This section is from the book "Golden Rules Of Dietetics", by A L Benedict. Also available from Amazon: Golden Rules of Dietetics.
While the requirements of the body are necessarily determined by its constitution, there is no correspondence of quantitative relations, and the qualitative relations are disturbed by various factors. Thus the elemental analysis of the body throws practically no light on its requirements in foods and the analysis by proximate principles, very little. This paradox is due to two main reasons. First, there is a great difference in the rapidity with which different ingredients are wasted. Water and soluble salts pass through the body - not in the sense of a direct passage through the alimentary canal - quite rapidly. Insoluble salts, as calcium phosphate, etc., in bone, are wasted very slowly, and the silicates, mainly represented in dental enamel, are scarcely at all replaceable. Secondly, foods serve two quite distinct purposes, the replacement of tissue waste and the furnishing of heat and energy. The waste of protein tissues is quite slow and uniform, depending very slightly on differences of activity. Conversely, carbohydrates never strictly form any part of the body, though present to the amount of two or three hundred grams as a reserve supply of energy in the form of glycogen and as a supply in process of use, in the form of dextrose in the blood. Yet nearly four hundred grams a day are required under normal conditions. Fats, although forming 16% of the average, well nourished body and practically never falling below 3%, even in starvation, are not necessary at all in the food, as they may be produced both from proteins and carbohydrates. It should be remembered also that however useful as a reserve supply of nutriment and as packing, and to prevent rapid loss of heat by radiation, they do not, any more truly than carbohydrates, form an essential part of the body.

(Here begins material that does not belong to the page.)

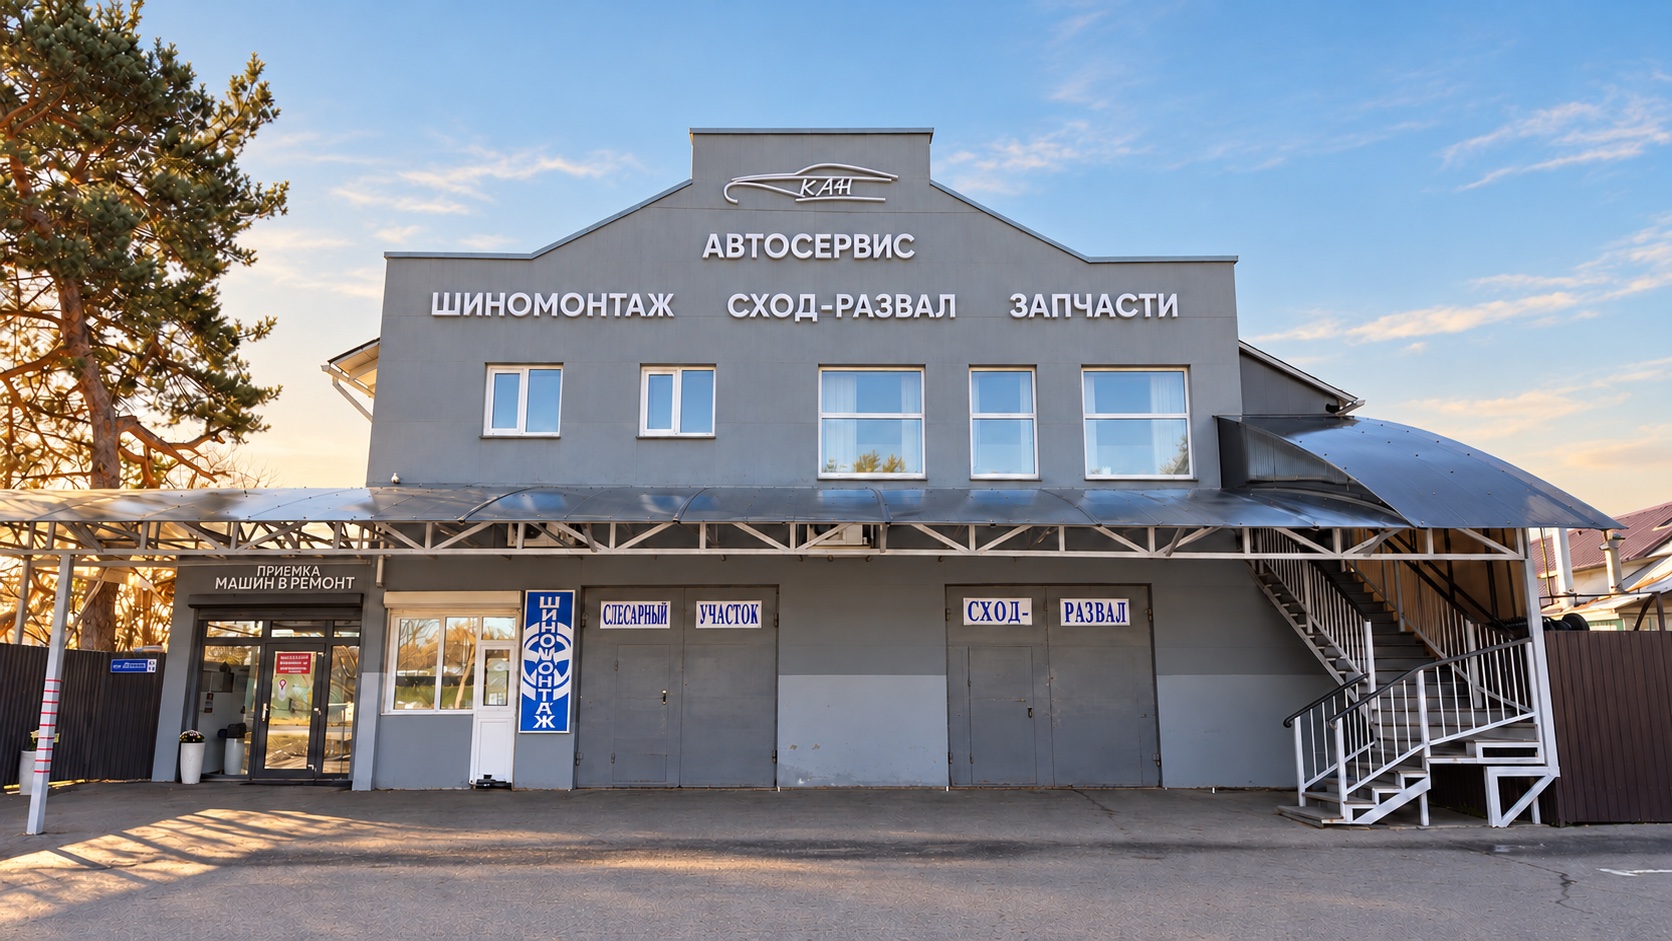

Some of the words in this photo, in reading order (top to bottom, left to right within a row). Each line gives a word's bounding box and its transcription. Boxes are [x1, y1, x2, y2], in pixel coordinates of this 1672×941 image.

Thus, for practical purposes, the nutritive requirements must be determined by actual empiric observation. Subject to considerable variation, they are as follows:
Proteins, 50. - 125 grams. | At least 2/3m must be given for every kilo of body weight to prevent consumption of tissues. On the other hand, unless necessitated by the failure to assimilate fuel-foods, more than 125 grams is objectionable on account of producing toxic waste products. |
Fats, 0. - 150. grams. | Ordinarily about 50 - 80 grams may be used. |
Carbohydrates, 80. - 400 grams. | Less than 80 grams requires so much destruction of fats and proteins that fatty acid intoxication is imminent. |
Albuminoids. | These are produced by the partial decomposition of proteins, though some hold that some nuclein compounds are required. Gelatin may be used as a fuel food, to the amount of 100 grams a day, but not indefinitely. |
Lecithin, iodothyrin, etc. | The exact amount needed or whether any is needed, has not been determined. Enough is included in any average diet. |
Haemoglobin. | The small quantity contained in an allowance of 50 grams of meat daily is sufficient and probably, so long as 10 centigrams of iron is furnished in any form, the normal body can anabolize it into haemoglobin. |
Water, 2000 - 3000 c.c. | About 1000 c.c. is contained in an ordinary so-called dry diet. On the other hand, about 1000 c.c. should be given as water. |
Sodium chlorid, 10 - 20 grams. | Ordinarily, 20 or even 30 grams produce no appreciable harm. While some claim that the amount contained in unsalted meat, vegetables, etc., is sufficient, about 10 grams additional is craved by most human beings and a proportionate amount by the higher quadrupeds. |
Other mineral salts. | Ordinarily supplied in sufficient amount in the diet. |
Antiscorbutic principle. | Whether this consists essentially in potassium or in vegetable acids, is disputed. At any rate, a small quantity of raw milk or of fresh or cooked fruit or vegetables, is required. |
Cellulose and other indigestible material is not theoretically required, but must be taken to the amount of 50 grams or thereabouts, a day, to insure proper peristalsis and, indirectly, to maintain health.